Multiscale Thermo-Mechanical Response of Molecular Solids: Theory, Simulation, Modeling, and Experiments

Thomas Sewell, Donald Brenner

Molecular solids, including molecular and ionic crystals, polymers and polymer composites, play important roles in applications ranging from aerospace and automotive to pharmacy and high energy density materials. A quantitative predictive understanding of the thermo-mechanical properties (e.g. elastic and inelastic deformation, thermal transport, yield, flow, fatigue or fracture) of these materials is still lacking; such an understanding would facilitate the design of new materials with tailored properties, optimized at the molecular and/or microstructural levels, to exploit the intrinsic – and in some cases strongly anisotropic and rate-dependent – mechanical, thermal, and optical properties of the constituent materials and interfaces between them. Such a significant and longstanding challenge will require synergistic interactions among experiments, theory, simulation, and modeling on scales ranging from Å to mm and associated time scales ranging from fs to ms or more. The proposed minisymposium will bring together expert theoreticians and simulators with relevant experimenters in these areas to address the current state of the art and future possibilities.
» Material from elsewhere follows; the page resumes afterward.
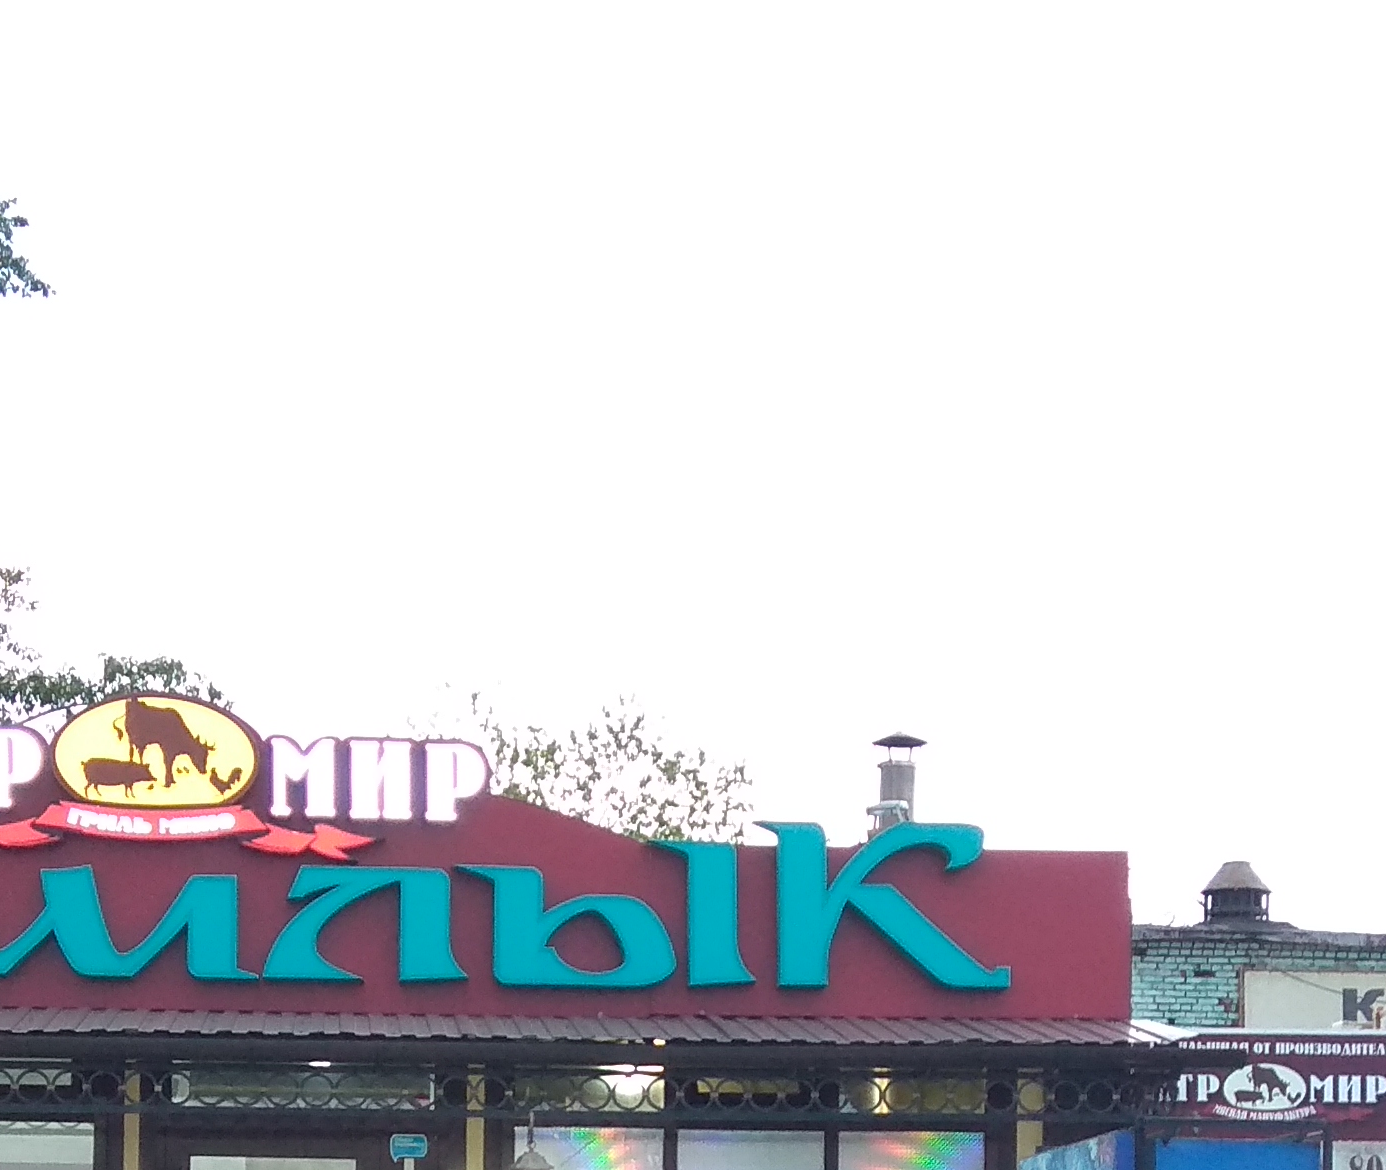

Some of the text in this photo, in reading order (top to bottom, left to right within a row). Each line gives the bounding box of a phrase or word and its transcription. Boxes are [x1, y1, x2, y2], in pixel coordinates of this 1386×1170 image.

Topics of interest include:

Electronic structure, molecular dynamics and coarse grain modeling of thermal, mechanical, and optical properties of molecular solids and interfaces between them;

Physics-based mesoscale and continuum models of molecular materials;

Methods for sequential and concurrent scale bridging;

Nano-mechanical characterization of molecular solids (e.g. AFM, nanoindentation);

Experimental characterization of the macroscopic response of molecular materials;

Verification, validation, and uncertainty/marginal reliability estimation techniques.